Buzzloop has worked with IDEA, and Gullbrand said the partnership has been fruitful.

“We are focused on Northeastern as our first market, so it’s great to get people here interested and on the app,” Gullbrand said. “We need users here, we need content being pumped in.”

Other startups at the expo included scientific advancements like iChip, a small plastic chip, that allows scientists to grow more microorganisms in a laboratory space. Claire Williams, a third-year biochemistry major, said the device will allow scientists to study a larger variety of microorganisms.

“Only 1 percent of bacteria from any given sample are able to grow in a petri dish in a lab, so that means you can only really study in depth that 1 percent,” Williams said. “So our device is an incubation chamber. It takes advantage of the nutrients in the natural environment and allows you to cultivate bacteria from the 1 percent to up to 40 percent. So you can access 40 percent of bacteria instead of 1 percent.”

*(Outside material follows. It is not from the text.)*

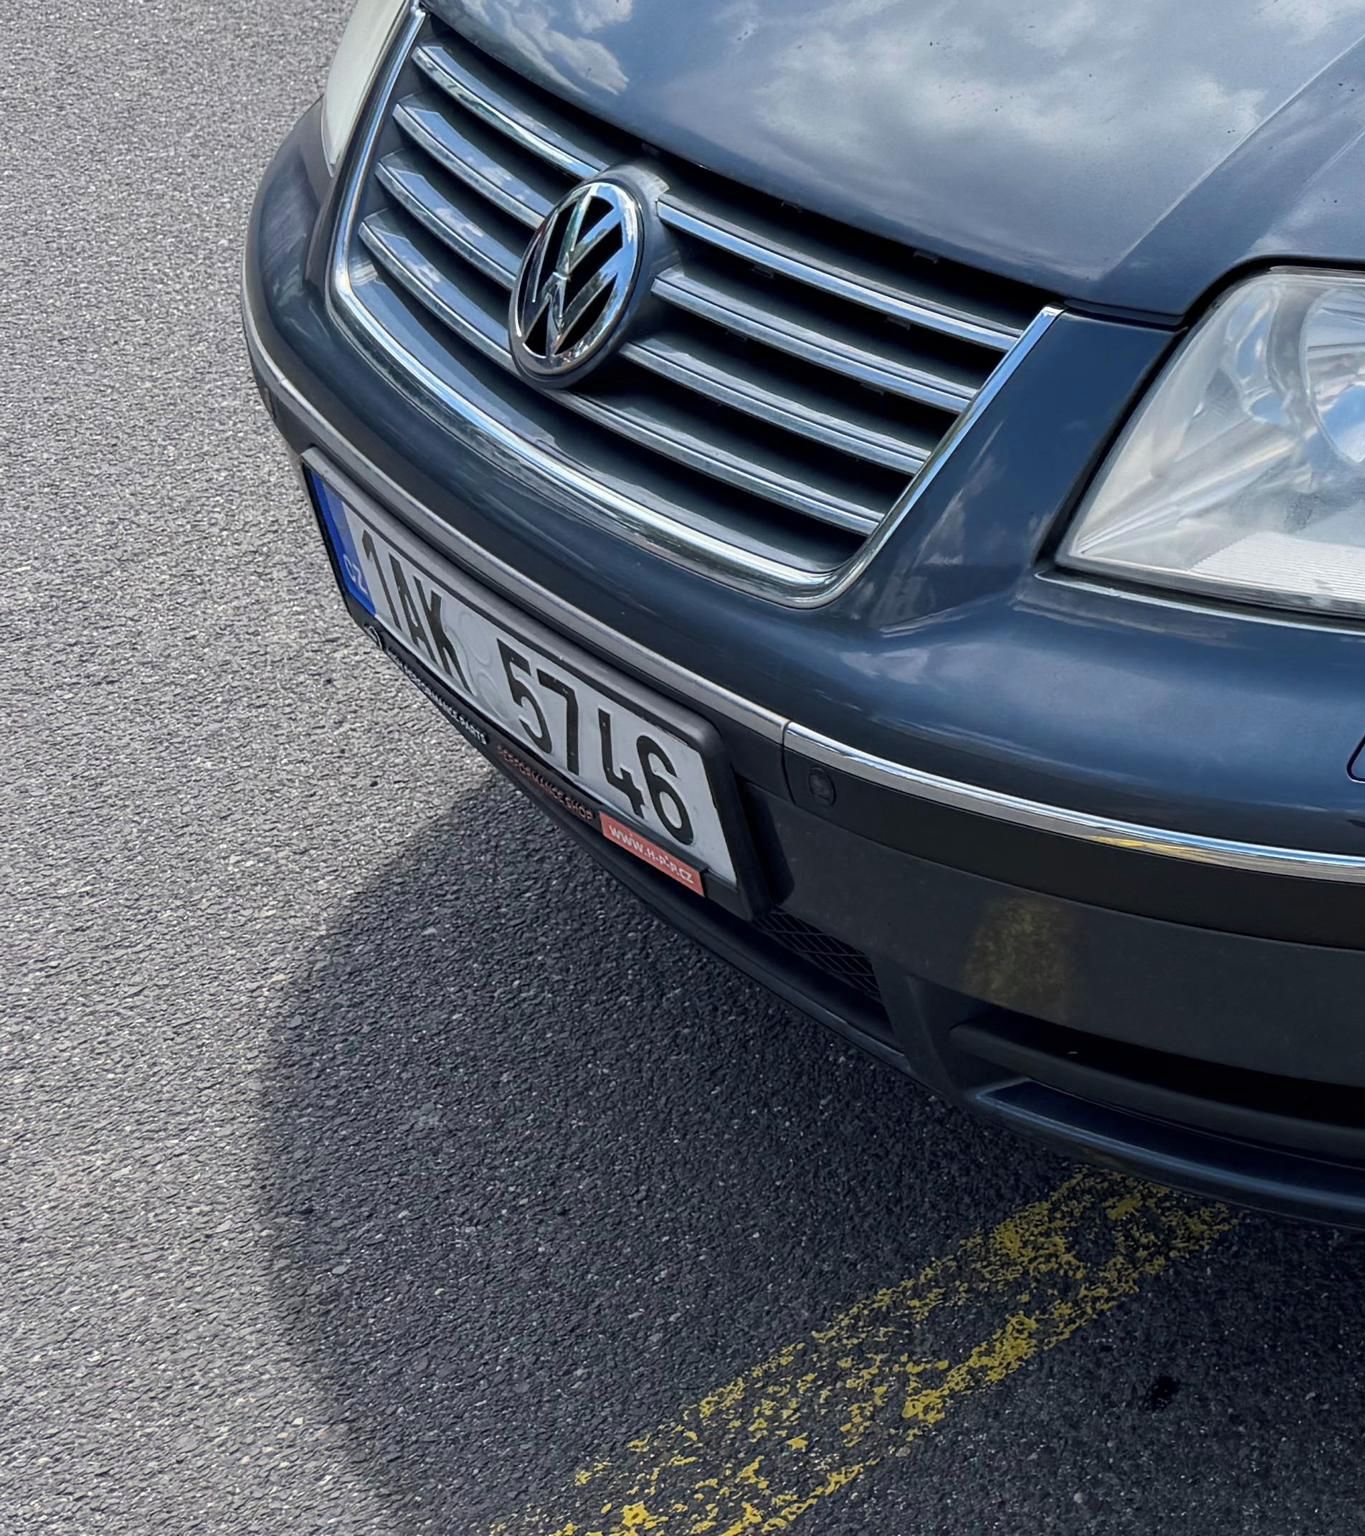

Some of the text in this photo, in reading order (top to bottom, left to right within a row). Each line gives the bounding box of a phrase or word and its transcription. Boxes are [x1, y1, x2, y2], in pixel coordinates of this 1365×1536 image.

[343, 553, 369, 596] CZ
[362, 529, 695, 846] 1AK 5746
[565, 795, 595, 822] SHOP
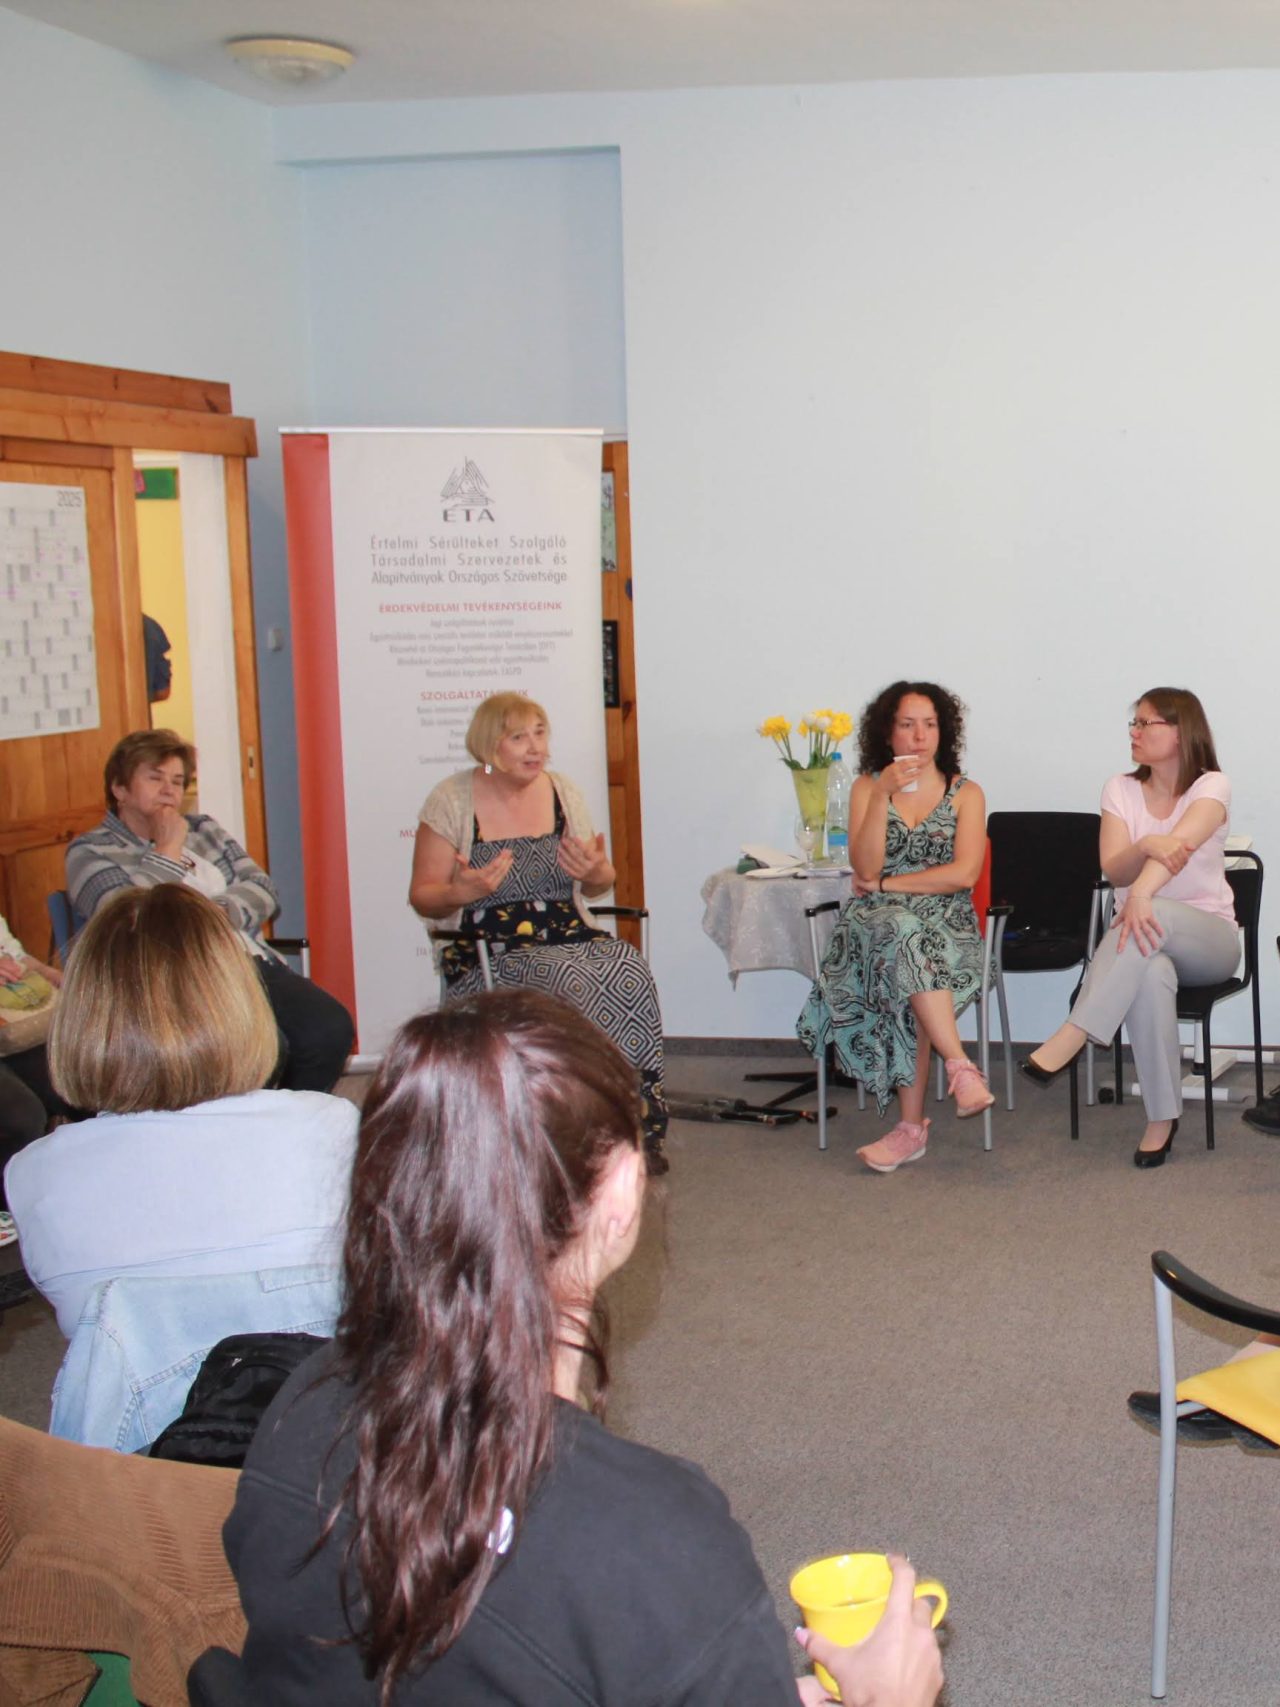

Northeastern alumna Linda Nguyen, right, and third year biochemistry major Claire Williams present their microorganism incubator startup, iChip./ Photo by Riley Robinson

Williams got involved with iChip through the National Science Foundation I-Corps program, which sponsors a class at Northeastern she attends. She said the program teaches science students how to make their ideas marketable.

“They take you from the very basics of business and give you incredible mentors who have years of experience and teach you the methodology to go from just an idea to an actual product,” she said.

Students also displayed projects from the Husky Startup Challenge, including Chris Coletti, a fifth-year architecture major who showcased his BauBau project. Coletti said BauBau hopes to connect people online and allow them to create their own housing in cities.

“I see this as being a perfect transitional stage for a lot of late-stage millennials in the city,” he said. “Where you can afford to have a plot of land big enough to have a sort of a family, and be in an ideal location between the city and suburbs and have the best of both worlds.”

Coletti said the idea for the startup came from his time abroad.

“It’s inspired by my time studying abroad in Berlin,” he said, “where a bunch of people get together and participate in this process, called a bau group. What they do is buy a plot of land in the city and they split the cost of ownership and split the cost together.”

The Husky Startup Challenge helped him figure out how to tackle the business side of his proposal, he said.

“It was super helpful, especially for me as a non-business major,” Coletti said. “It gave me a lot of tools, a lot of coaching, a lot of resources.”

Overall, Gross said, the night went well, with startups and visitors alike chatting about the future, and accomplished the goal of getting the ventures out there.

“It’s a cool way of saying thank you to the ventures, thank you to the people who’ve supported them, and really having an incredible night to celebrate their success,” he said.